Seven challenging incumbents

Attracting businesses, economy and public safety are on these candidates' agendas.

October 06, 2010|By Britney Barnes,
  • Jim Pull
Jim Pull

Editor's note: This changes the third paragraph to include Patrick Tucker's title.

Ten candidates for the Fountain Valley City Council are going into the last three weeks of campaigning.

Candidates are vying for three opens seats occupied by Mayor Pro Tem Cheryl Brothers and Councilmen Guy Carrozzo and John Collins, each of whom are running for reelection.

The candidates range from a tire stores manager, teachers, a small business owner and an insurance broker, to two unemployed folks, one working on getting a job and another a former quality supervisor analyst rendered unable to work by a disability.

The following are brief profiles of the seven challengers in the race based on questionnaires they submitted to the Independent. The incumbents were featured last week.

Looking for a chance to serve

Jim Pull, 50, a Minnesota native, who has lived in Fountain Valley for about 40 years, is unemployed because of a disability and looking to get his first taste at being a public servant; he has never held an elected office before.


His unemployment has given him the opportunity to run, Pull said.

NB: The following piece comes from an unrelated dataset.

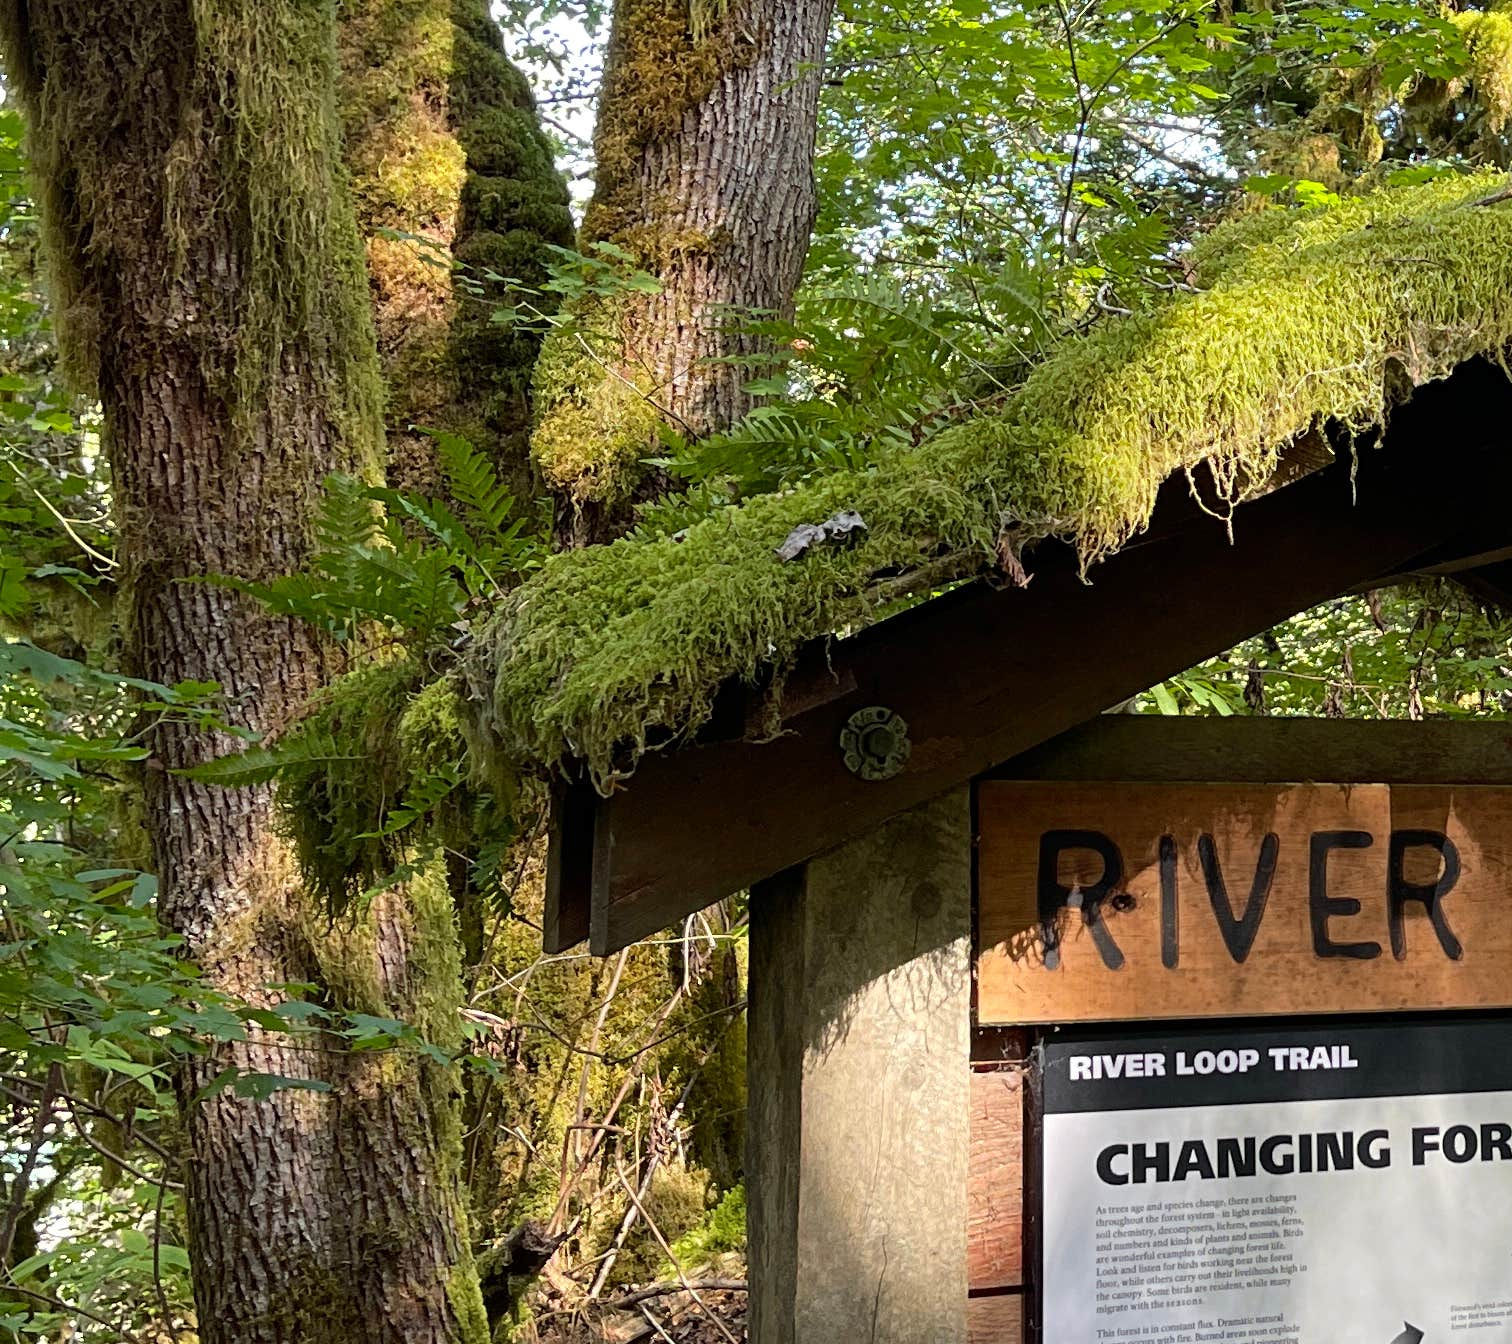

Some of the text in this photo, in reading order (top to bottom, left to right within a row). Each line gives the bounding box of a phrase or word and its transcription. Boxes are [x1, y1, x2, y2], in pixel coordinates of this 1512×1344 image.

[1036, 827, 1464, 971] RIVER
[1069, 1045, 1359, 1081] RIVER LOOP TRAIL
[1096, 1129, 1391, 1186] CHANGING

He will have the time and energy to devote to the city without the distractions of a job, he said.

"I am proud of my city," he said. "I enjoy living here and want to do everything I can so that all the residents feel the same way."

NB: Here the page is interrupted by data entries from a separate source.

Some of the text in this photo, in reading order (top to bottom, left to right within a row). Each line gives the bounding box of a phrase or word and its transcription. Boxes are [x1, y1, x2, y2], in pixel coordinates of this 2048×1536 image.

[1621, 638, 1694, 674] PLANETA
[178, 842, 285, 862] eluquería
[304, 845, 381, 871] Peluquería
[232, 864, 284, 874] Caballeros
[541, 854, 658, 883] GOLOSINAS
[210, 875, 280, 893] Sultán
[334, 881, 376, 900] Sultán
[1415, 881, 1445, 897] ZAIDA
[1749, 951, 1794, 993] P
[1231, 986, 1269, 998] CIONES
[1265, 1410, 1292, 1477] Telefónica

The biggest issues in the city are the budget and "maintaining public safety and services in the current economic situation while trying to create a budget that will not only keep us from going further into debt, but also pull us out of our current past due obligations," he said.

The city needs to also encourage businesses in the city by streamlining building codes and fees, he said.

Water not wasted

Mark McCurdy, an insurance broker, was born in Lynwood and but moved to Fountain Valley nearly 20 years ago.

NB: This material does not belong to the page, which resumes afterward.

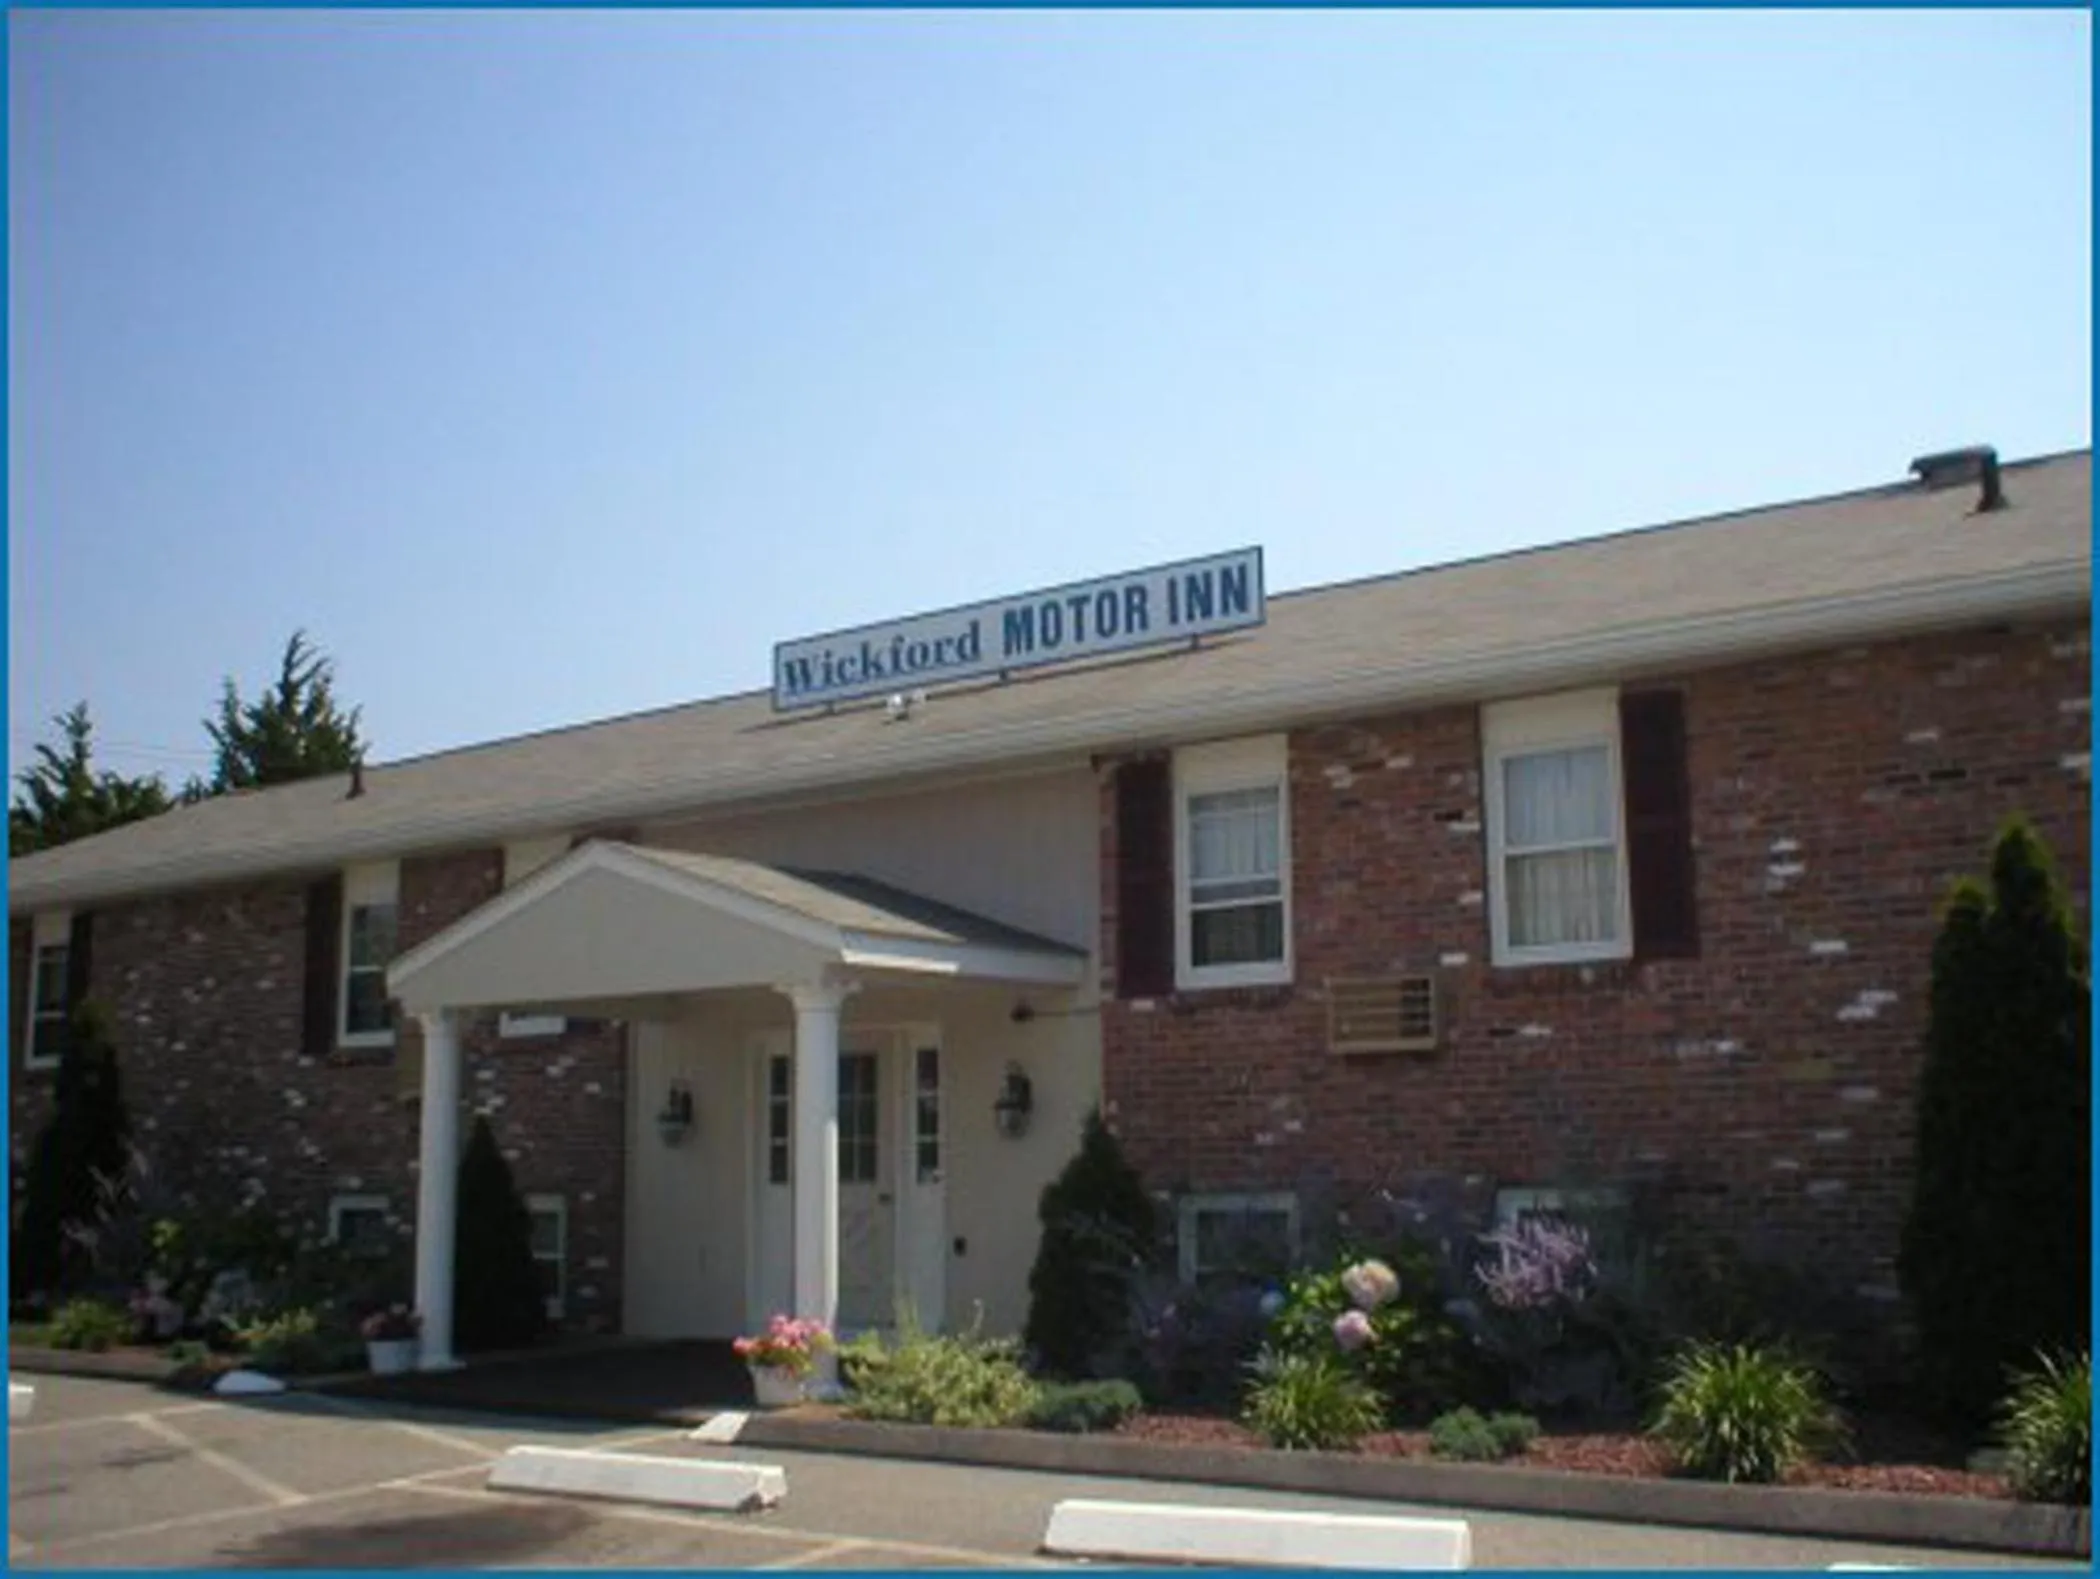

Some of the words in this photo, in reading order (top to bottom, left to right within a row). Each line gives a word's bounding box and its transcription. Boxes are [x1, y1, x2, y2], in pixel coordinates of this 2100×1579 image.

[783, 620, 981, 695] Wickford
[1003, 584, 1149, 657] MOTOR
[1168, 563, 1249, 625] INN

The 50-year-old has served as the Chamber of Commerce president, Housing and Community Development Advisory Board chairman, a traffic commissioner and as a member of the Orange County Transportation Authority Citizens Advisory Committee.

For McCurdy, the biggest issues the city faces are revenue, attracting business, repairing aging infrastructure and transparency. He supports how the council has handled the budget and said he would continue the practice in the future.